Will U.S. IT Pros Benefit from Rising Cost to Offshore?

Deborah Perelman Avatar

Updated on:

Did the golden age of software offshoring end in 2005? Between 1995 and 2005, when the dollar was strong and the post-communist countries were felled by low wages, there was often a 5-to-1 cost advantage borne by outsourcing IT development projects.

In 2007, reports of rising wages, high turnover and the fact that foreign software talent need not turn only to the United States for work have led some to declare that offshoring is sputtering to an end.

This was the topic of a recent blog entry by Andy Singleton, president of Assembla, a global staffing consultancy that also provides online work spaces for development teams. "There was a time not very long ago when, really, you didn’t have to be very smart to realize that to reduce cost, you could just ship the work to a different place, and that it was virtually impossible for a U.S.-based programmer to compete in this market," Singleton said.

However, he said, it was a simplistic model. Now that the price advantage is disappearing, managers don’t have the easy option of just moving work and hoping that cost advantages cover any inefficiencies. They have been forced to work smarter or not offshore to gain cost advantages alone.

Does this mean that the IT professional’s long international nightmare is over? Absolutely, Singleton said in an interview with eWEEK, CIO Insight‘s sister publication. "IT workers in the [United States] can breathe a sigh of relief. They are becoming price-competitive with their most numerous competitors in India, which is one reason that demand for U.S.-based staff now exceeds supply," he says. "IT workers in other locations are also doing well."

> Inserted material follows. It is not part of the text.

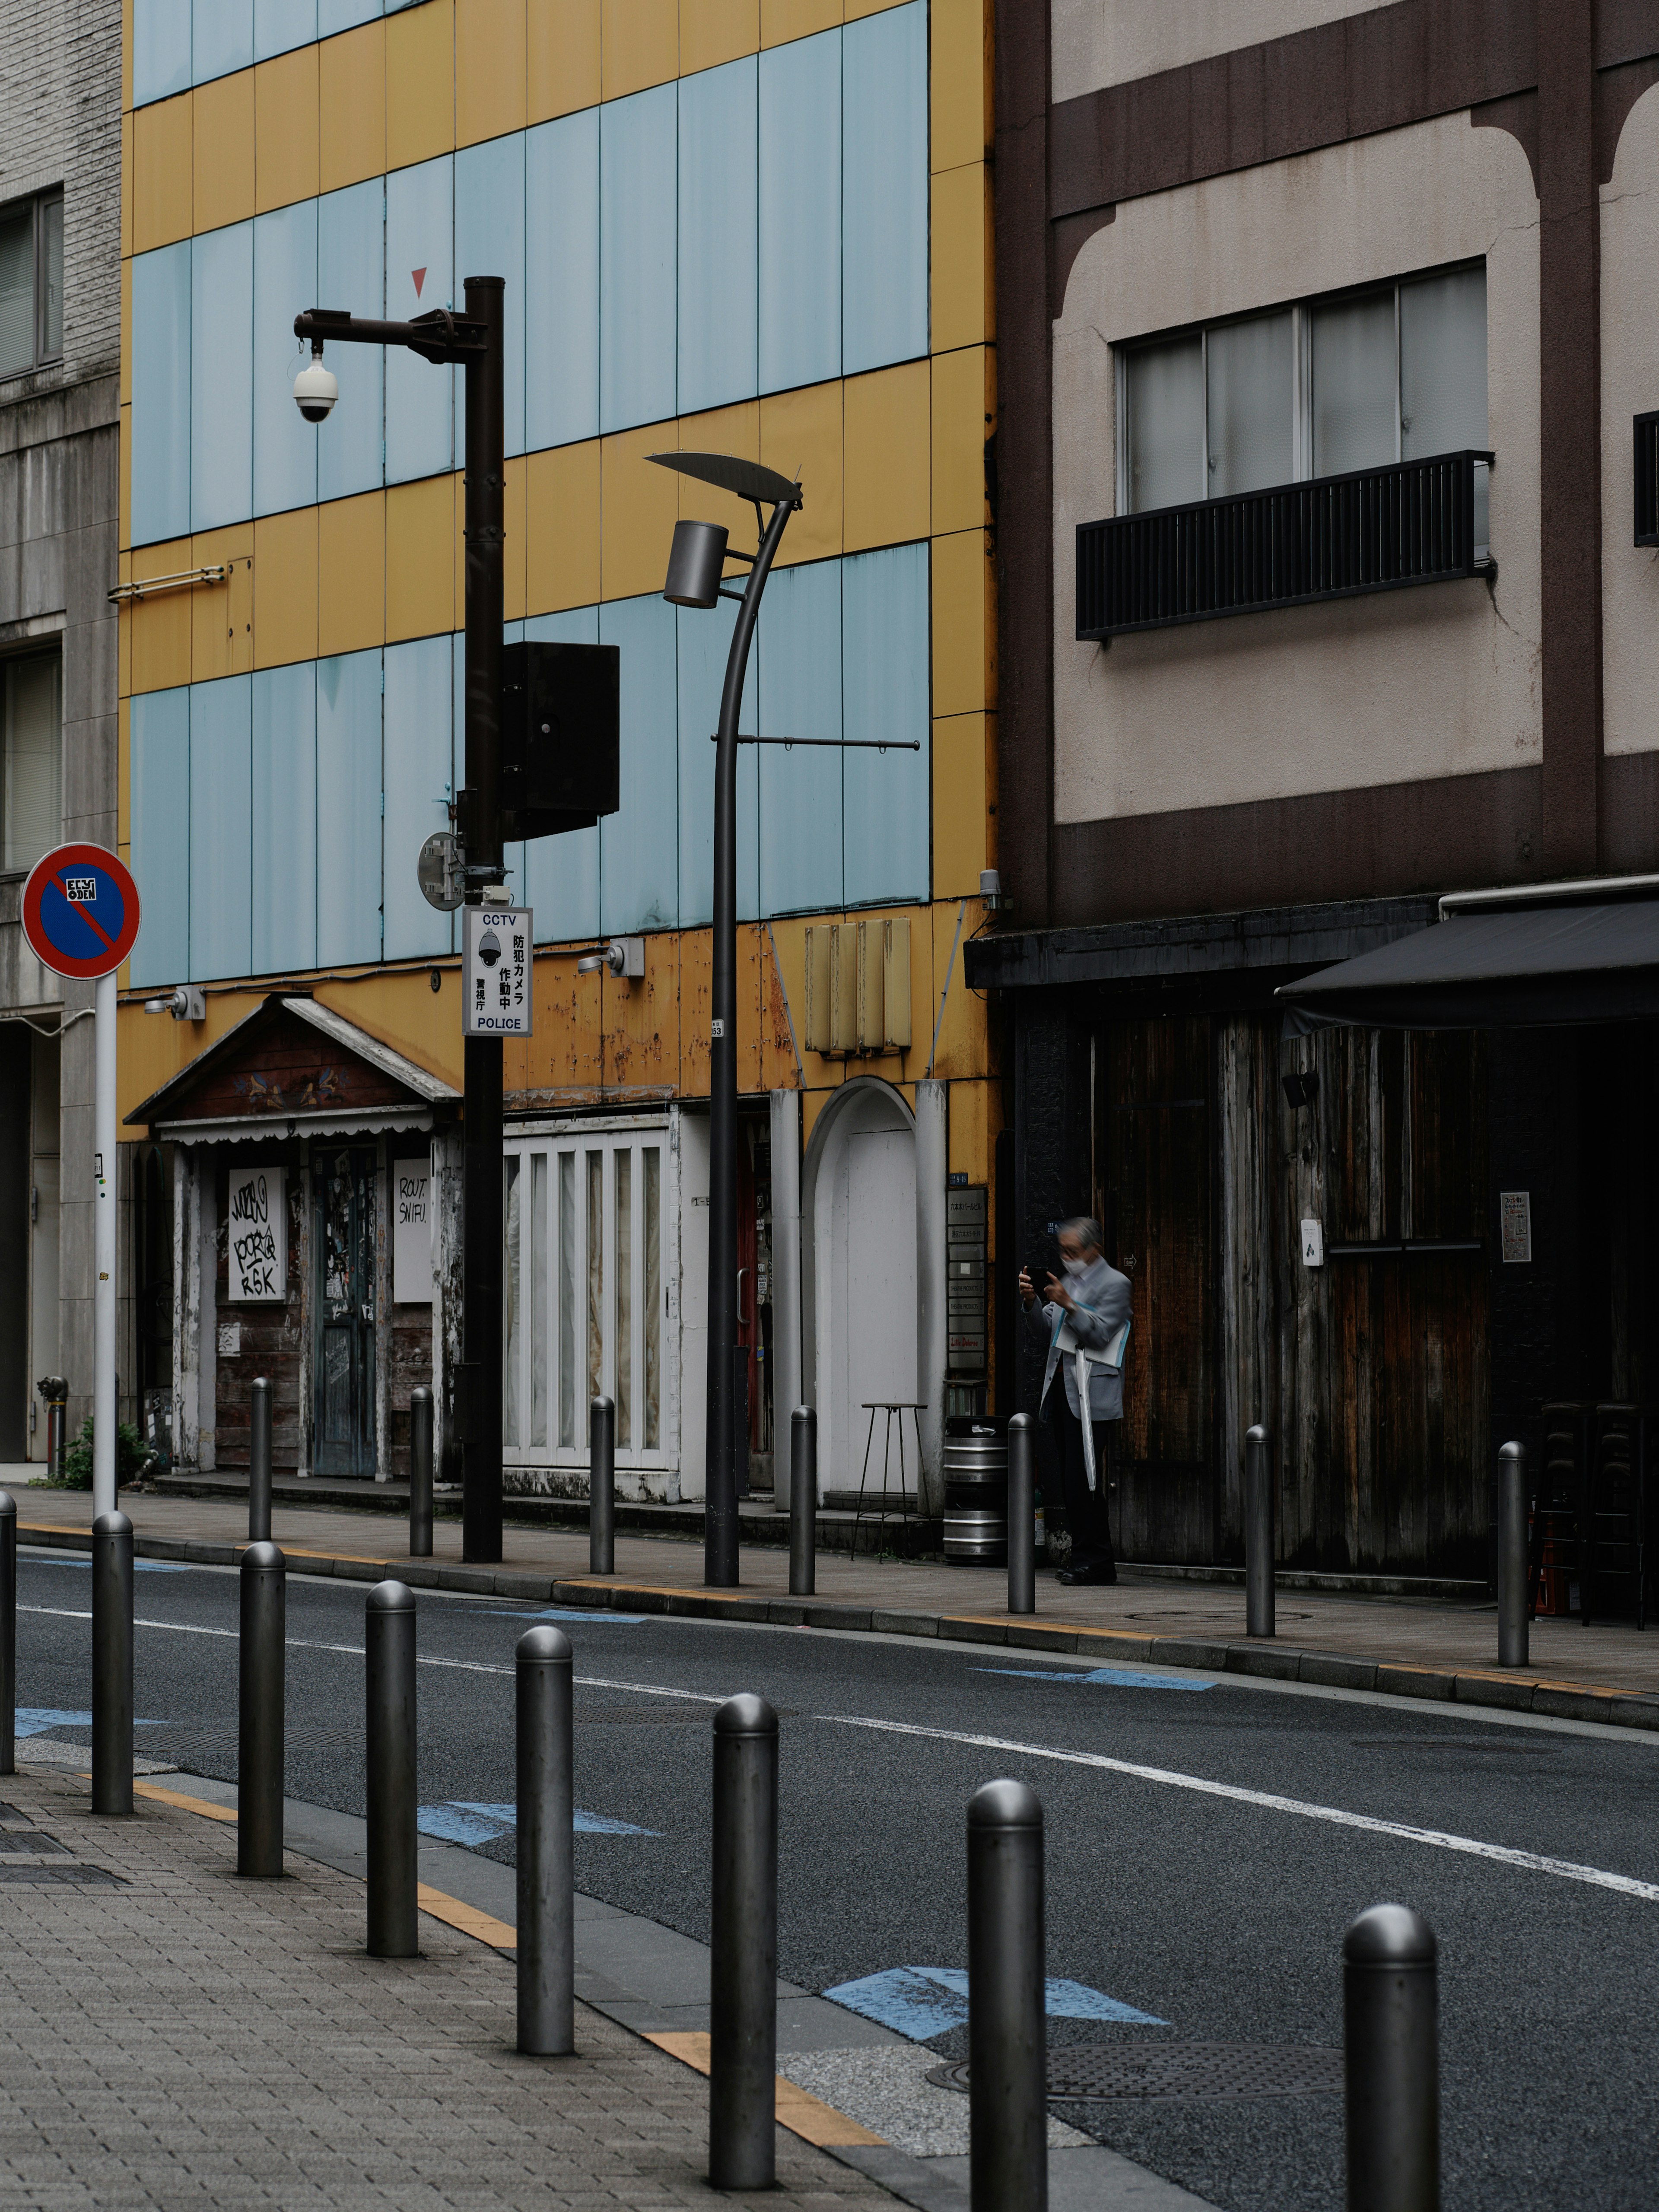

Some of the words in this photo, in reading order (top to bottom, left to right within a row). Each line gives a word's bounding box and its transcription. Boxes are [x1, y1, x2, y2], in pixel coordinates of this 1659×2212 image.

Contrary View: Offshoring Ramins

But others disagree, arguing that IT professionals need to be as worried as they ever were about losing their jobs to someone who works for a lot less. "Outsourcing is pretty much as prevalent as always," Gartner analyst Diane Berry says. "You may not hear the flurry that you did in the past [but] folks are still outsourcing. Some may not have executed as well as they should have and may be bringing some back in, but in general [it is] still taking place."

However, the majority of opinion falls in the middle. Offshoring is still a threat to IT jobs, but companies are moving away from making decisions based on cost savings alone. "To say that offshoring is dying is a bit too extreme," says Jeremy Leonard, chief economist at the American Sentinel University. "People are doing a reality check of the benefits versus the costs of offshoring. The carrot that was dangled out for people was the differences in wages, and when people first saw the money that could be saved, it opened their eyes."

Organizations are beginning to realize that much of what is lost in outsourced relationships can cost nearly as much money as they were saving in the first place. "You lose things when you offshore," Leonard says. "Face-to-face contact–depending on what kind of IT you are in–despite video conferencing and other technology available. In my experience, if you can’t sit people down in a room to collaborate, something is lost Timing is also an issue. A lot of locations are halfway around the world and there can be inefficiencies due to the time difference, and if they are willing to work at night or not."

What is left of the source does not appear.